• _WORK ORDER_: Please repeat every entry exactly as written, but skip the pictures.

Free-text object descriptions

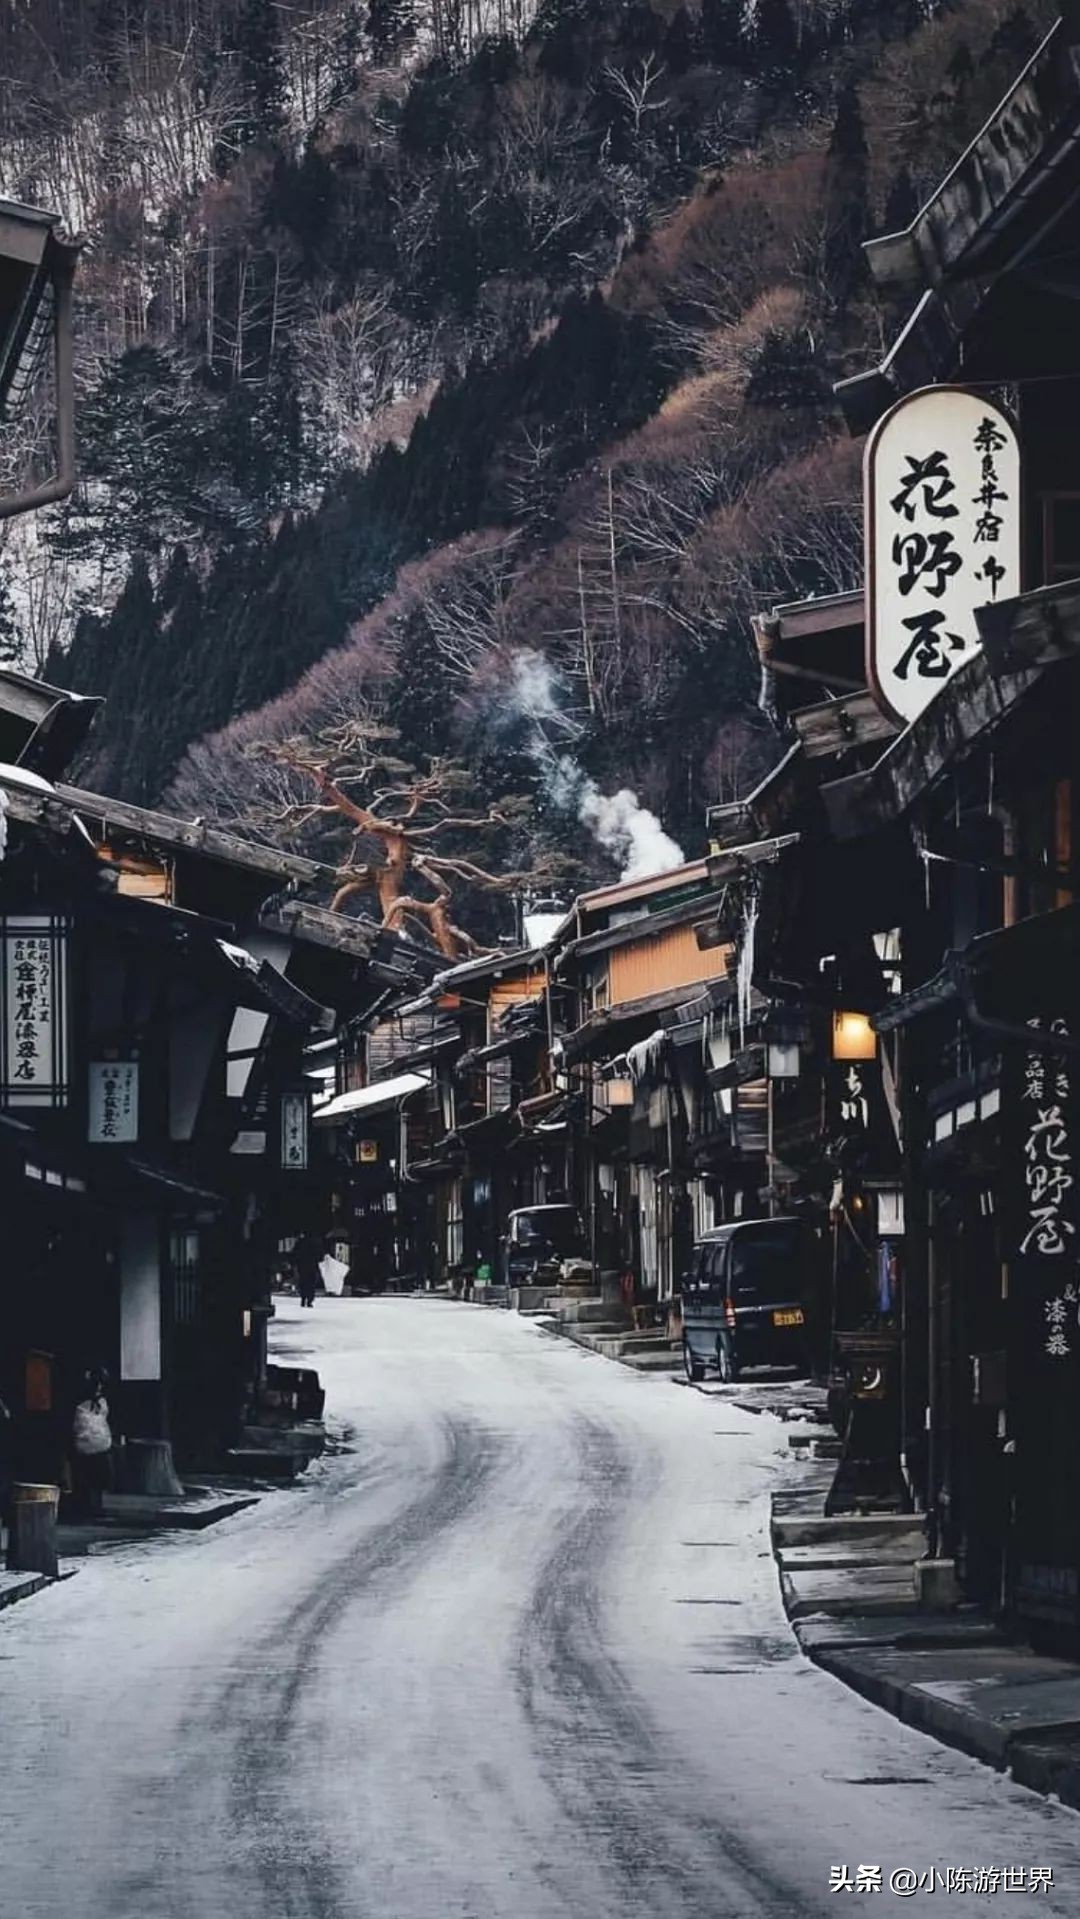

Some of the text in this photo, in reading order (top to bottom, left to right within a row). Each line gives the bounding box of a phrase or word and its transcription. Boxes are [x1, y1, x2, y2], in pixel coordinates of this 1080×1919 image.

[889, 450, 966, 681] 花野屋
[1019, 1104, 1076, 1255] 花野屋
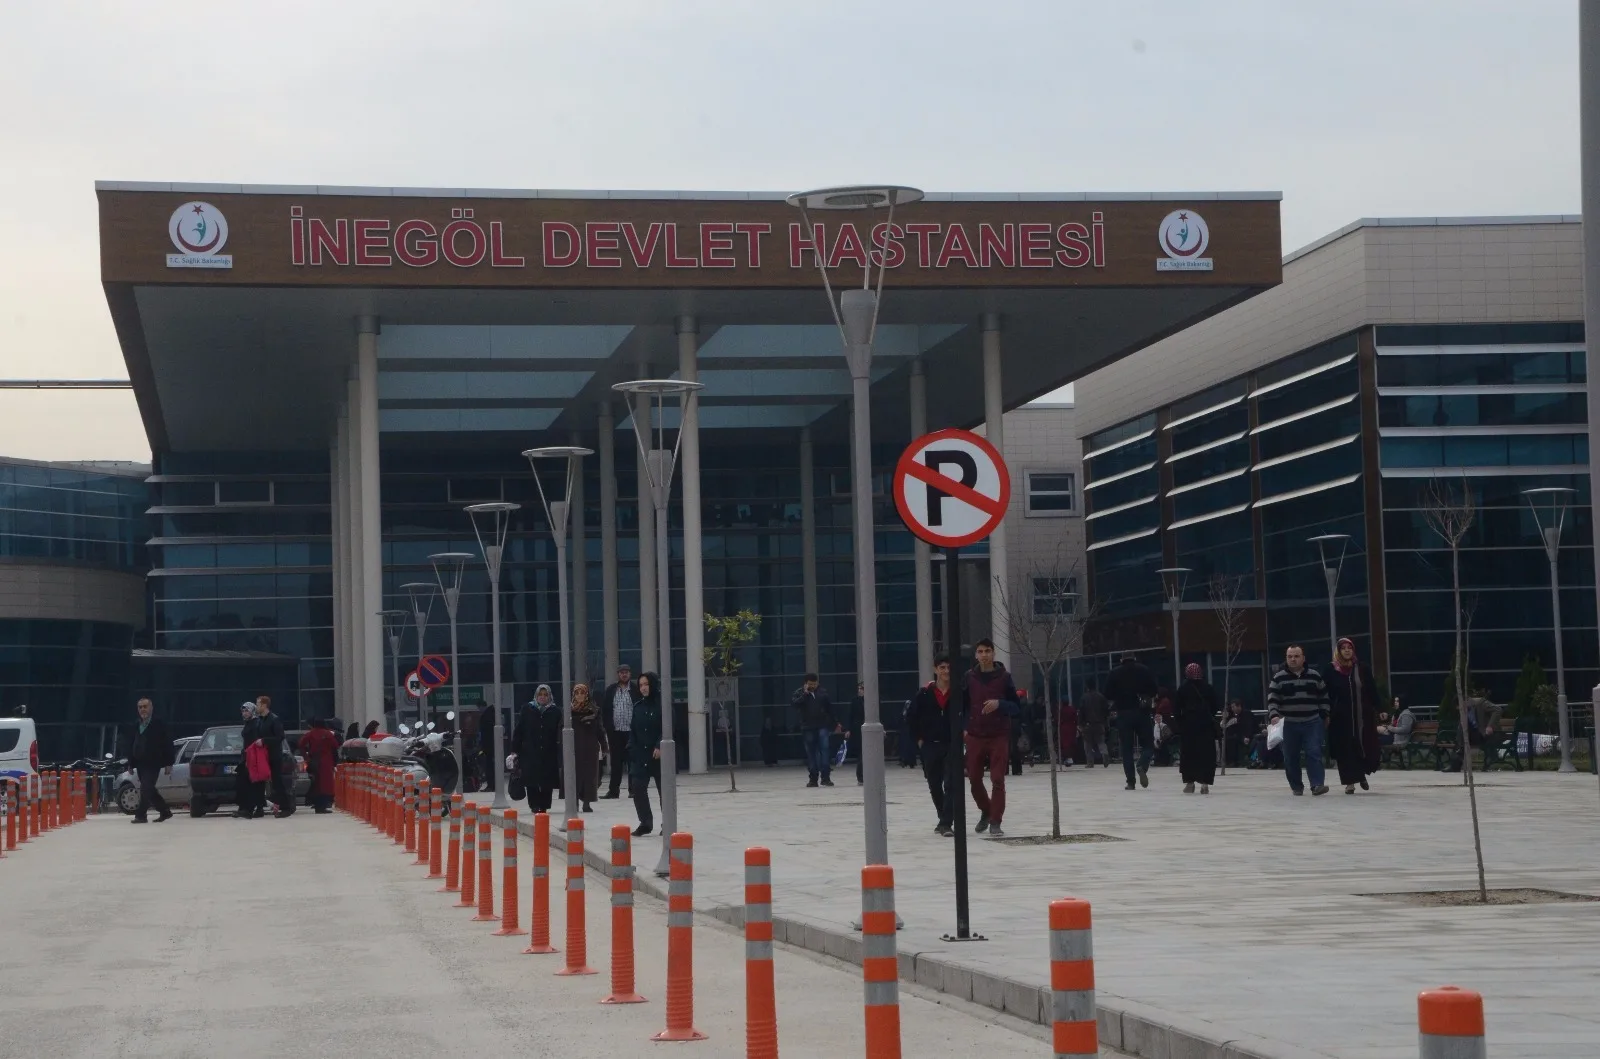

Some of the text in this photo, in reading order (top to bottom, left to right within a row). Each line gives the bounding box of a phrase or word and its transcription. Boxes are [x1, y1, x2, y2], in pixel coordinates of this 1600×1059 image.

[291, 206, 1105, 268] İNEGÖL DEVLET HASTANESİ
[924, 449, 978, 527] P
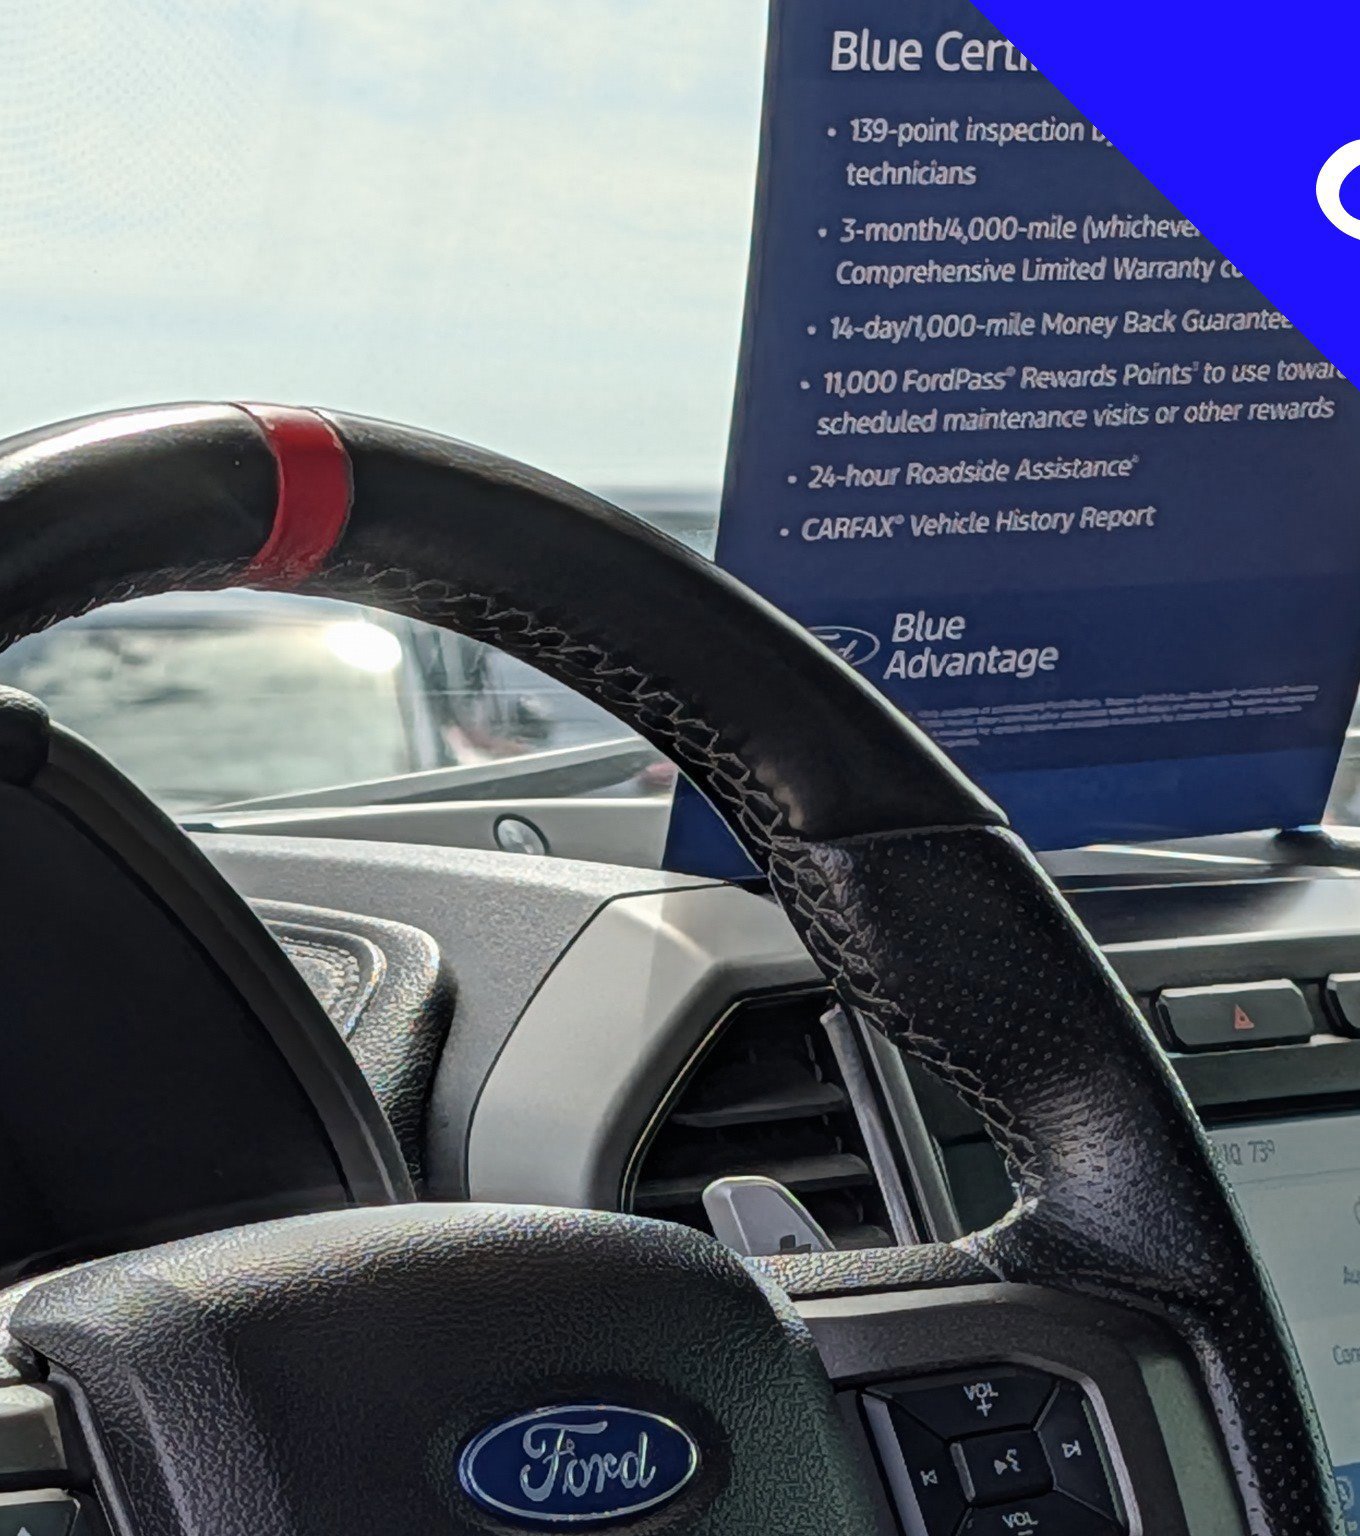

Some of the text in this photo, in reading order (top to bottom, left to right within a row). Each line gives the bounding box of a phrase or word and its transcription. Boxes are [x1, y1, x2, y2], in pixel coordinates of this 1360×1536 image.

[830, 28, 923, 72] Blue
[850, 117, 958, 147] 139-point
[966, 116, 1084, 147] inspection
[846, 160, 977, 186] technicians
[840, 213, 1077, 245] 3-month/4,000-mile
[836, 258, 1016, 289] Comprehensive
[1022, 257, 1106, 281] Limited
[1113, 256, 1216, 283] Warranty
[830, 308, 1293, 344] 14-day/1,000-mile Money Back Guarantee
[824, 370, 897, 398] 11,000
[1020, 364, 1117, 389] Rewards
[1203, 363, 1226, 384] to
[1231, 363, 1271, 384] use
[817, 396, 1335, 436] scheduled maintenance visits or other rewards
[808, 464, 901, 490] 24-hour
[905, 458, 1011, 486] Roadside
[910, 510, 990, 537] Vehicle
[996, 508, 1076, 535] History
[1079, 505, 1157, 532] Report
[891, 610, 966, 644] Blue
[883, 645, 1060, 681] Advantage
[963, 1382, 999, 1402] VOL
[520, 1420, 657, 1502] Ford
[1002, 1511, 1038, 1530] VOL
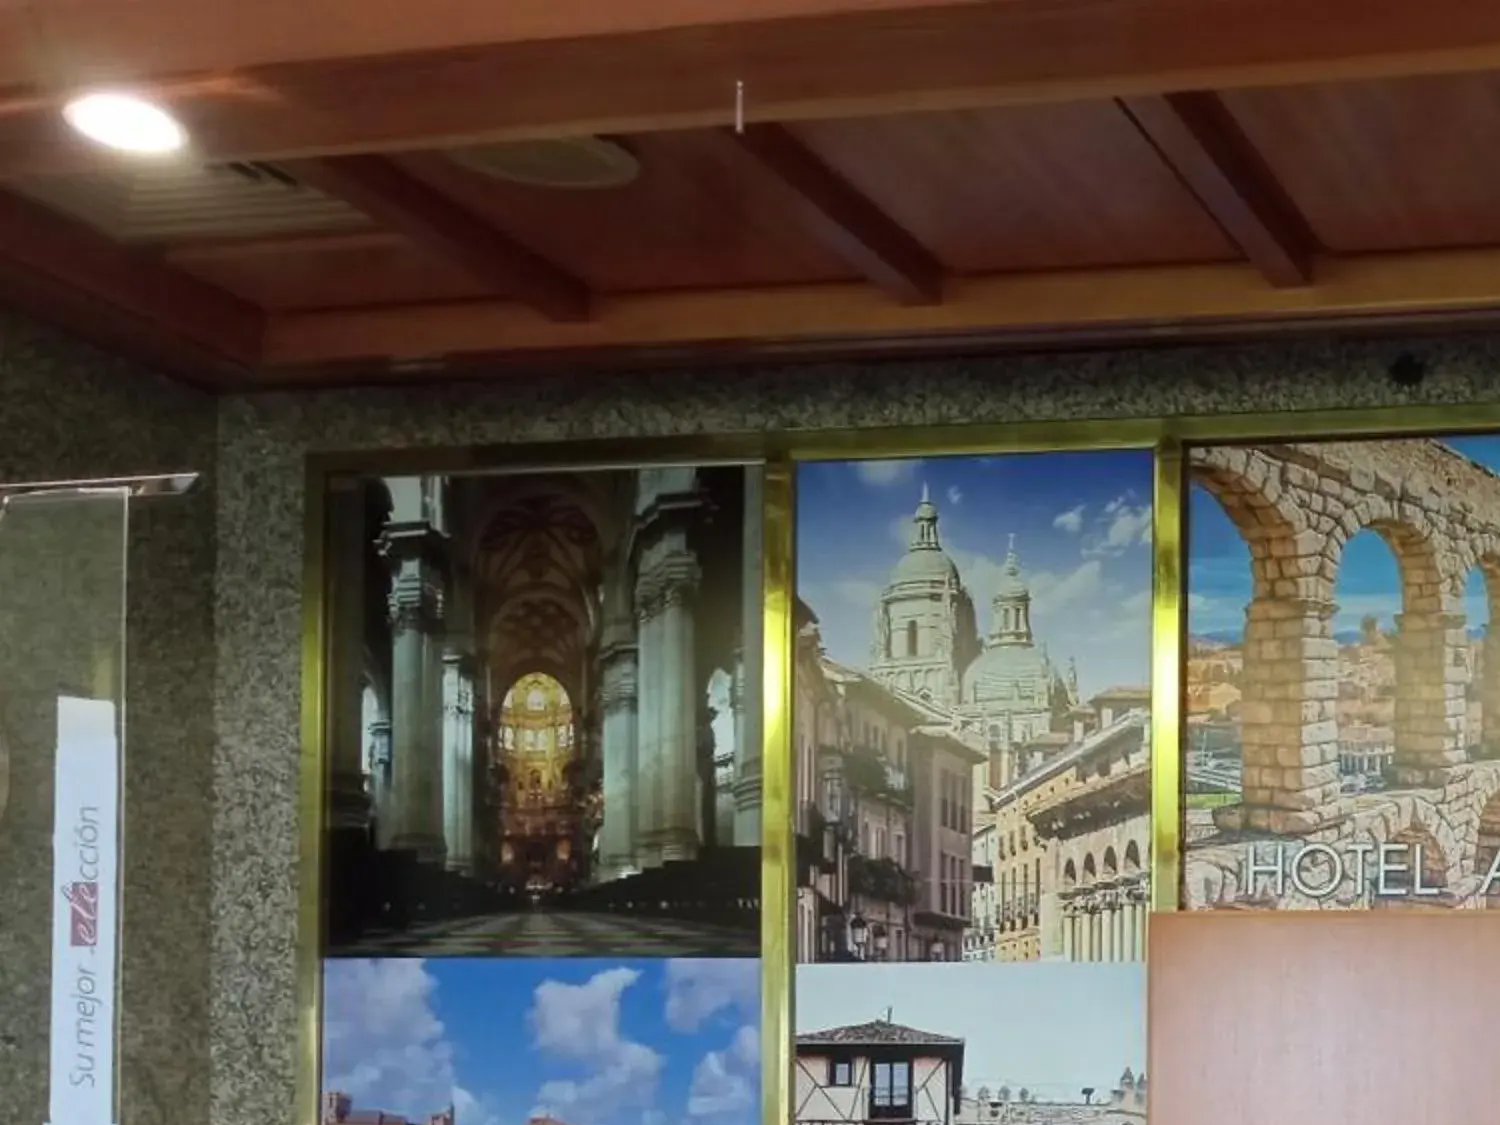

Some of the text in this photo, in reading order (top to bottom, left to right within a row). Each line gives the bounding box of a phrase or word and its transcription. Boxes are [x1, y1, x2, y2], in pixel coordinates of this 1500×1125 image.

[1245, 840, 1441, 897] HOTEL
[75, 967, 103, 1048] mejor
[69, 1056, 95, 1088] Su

• _SOLUTION_:
Some of the text in this photo, in reading order (top to bottom, left to right within a row). Each line gives the bounding box of a phrase or word and its transcription. Boxes are [x1, y1, x2, y2], in pixel coordinates of this 1080×1919 image.

[889, 450, 966, 681] 花野屋
[1019, 1104, 1076, 1255] 花野屋

Some of the text in this photo, in reading order (top to bottom, left to right within a row). Each line gives the bounding box of a phrase or word and its transcription. Boxes are [x1, y1, x2, y2], in pixel coordinates of this 1600×1059 image.

[291, 206, 1105, 268] İNEGÖL DEVLET HASTANESİ
[924, 449, 978, 527] P

Some of the text in this photo, in reading order (top to bottom, left to right within a row). Each line gives the bounding box of a phrase or word and its transcription. Boxes are [x1, y1, x2, y2], in pixel coordinates of this 1360×1536 image.

[830, 28, 923, 72] Blue
[850, 117, 958, 147] 139-point
[966, 116, 1084, 147] inspection
[846, 160, 977, 186] technicians
[840, 213, 1077, 245] 3-month/4,000-mile
[836, 258, 1016, 289] Comprehensive
[1022, 257, 1106, 281] Limited
[1113, 256, 1216, 283] Warranty
[830, 308, 1293, 344] 14-day/1,000-mile Money Back Guarantee
[824, 370, 897, 398] 11,000
[1020, 364, 1117, 389] Rewards
[1203, 363, 1226, 384] to
[1231, 363, 1271, 384] use
[817, 396, 1335, 436] scheduled maintenance visits or other rewards
[808, 464, 901, 490] 24-hour
[905, 458, 1011, 486] Roadside
[910, 510, 990, 537] Vehicle
[996, 508, 1076, 535] History
[1079, 505, 1157, 532] Report
[891, 610, 966, 644] Blue
[883, 645, 1060, 681] Advantage
[963, 1382, 999, 1402] VOL
[520, 1420, 657, 1502] Ford
[1002, 1511, 1038, 1530] VOL

Some of the text in this photo, in reading order (top to bottom, left to right within a row). Each line gives the bounding box of a phrase or word and its transcription. Boxes are [x1, y1, x2, y2], in pixel coordinates of this 1500×1125 image.

[1245, 840, 1441, 897] HOTEL
[75, 967, 103, 1048] mejor
[69, 1056, 95, 1088] Su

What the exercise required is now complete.